Selahattin Şahin bey konuşmasında güzel noktalara değindi. Bu türden etkinliklerin altının doldurulmasına vurgu yaptı. Sözlerinden, yörenin kalkınmasına ve somut bazı işlere adım atılmasına yönelik bir şeyler ortaya çıkartmak gerektiğini anladım. Vizyonist bir bakış açısı sergiledi.
Ben de konuşmamda özellikle ilgilendiğim köy okulları ve o okullarda eğitim gören çocuklar hakkında bir şeyler söylemeye çalıştım. Ortak değerleri ve güzel duyguları taşıyıp yaşatmakla ortaya çıkacak “gönül kardeşliği” konusuna vurgu yaptım.
Kendisi aslen o yöreden, komşu Alcı Köyü’nden olan Rıfat Çakır Bey’in ince, tatlı ve derin anlatımıyla zenginleştirdiği sunumuyla devam eden şenlik programı oldukça yoğundu. Rıfat Bey köyün ve yörenin kadınlarına özgü bilgi, beceri ve özlü sözlerinden, onların ağırlıklarından, sözlerinin tesirinden, imrenilen hürmetli ve asaletli yanlarından, çevreye has görgü ve göreneklerden, toplumsal kurallardan örnekler verdi. Katılımcıları, isim isim bahsettiği kişilerin dünyasına taşıdı, adeta o anları yaşattı. Yerel yemeklerin adlarını, yapılışlarını ve lezzetlerini dahi sözlerine kattı. Civardaki coğrafi yerlerin ilginç isimlerini konuşmaların arasına serpiştirdi. Bölgenin tarihi geçmişine dair bilgiler de paylaştı.
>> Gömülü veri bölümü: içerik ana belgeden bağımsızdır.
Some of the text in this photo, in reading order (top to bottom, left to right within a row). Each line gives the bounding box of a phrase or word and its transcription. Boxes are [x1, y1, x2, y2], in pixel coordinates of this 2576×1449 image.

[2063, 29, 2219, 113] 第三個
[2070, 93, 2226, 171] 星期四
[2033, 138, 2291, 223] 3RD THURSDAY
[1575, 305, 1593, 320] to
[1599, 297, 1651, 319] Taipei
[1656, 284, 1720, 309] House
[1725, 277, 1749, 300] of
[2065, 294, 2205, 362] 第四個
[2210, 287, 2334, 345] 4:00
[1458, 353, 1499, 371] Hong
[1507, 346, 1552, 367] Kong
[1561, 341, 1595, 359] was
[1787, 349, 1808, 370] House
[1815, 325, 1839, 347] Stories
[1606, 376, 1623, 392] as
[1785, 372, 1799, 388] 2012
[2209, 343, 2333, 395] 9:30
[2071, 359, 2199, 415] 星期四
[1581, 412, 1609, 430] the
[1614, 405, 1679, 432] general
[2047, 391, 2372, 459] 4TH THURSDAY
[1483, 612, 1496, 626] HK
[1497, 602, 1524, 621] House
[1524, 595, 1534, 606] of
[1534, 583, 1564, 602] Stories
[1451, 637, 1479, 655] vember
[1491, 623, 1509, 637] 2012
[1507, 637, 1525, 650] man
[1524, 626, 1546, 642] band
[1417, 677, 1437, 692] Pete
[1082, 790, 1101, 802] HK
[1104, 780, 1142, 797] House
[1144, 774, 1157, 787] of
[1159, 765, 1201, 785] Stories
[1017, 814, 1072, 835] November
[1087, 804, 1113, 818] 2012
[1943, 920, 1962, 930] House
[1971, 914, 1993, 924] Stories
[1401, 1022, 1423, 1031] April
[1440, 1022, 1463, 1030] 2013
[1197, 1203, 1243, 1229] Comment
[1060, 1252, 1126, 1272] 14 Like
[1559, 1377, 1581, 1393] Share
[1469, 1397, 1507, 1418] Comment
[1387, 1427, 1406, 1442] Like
Köyde şenlik alanını dolduran vatandaşlar gönüllerince hasret giderdiler. Müzik ve halk oyunları eşliğinde eğlendiler. Etkinlik programında sanatçılar sahne aldı. Sürpriz yarışmalar ve ödüllere yer verildi. Semah ekibi yer aldı. Davul zurna eşliğinde halaylar çekildi…
Bir grup katılımcı konukla köyün içerisinde dolaştık, köy halkından bir ailenin konuğu olduk, çayını içtik, ikramlarından tattık. Bu esnada pek çok konuyu da konuştuk…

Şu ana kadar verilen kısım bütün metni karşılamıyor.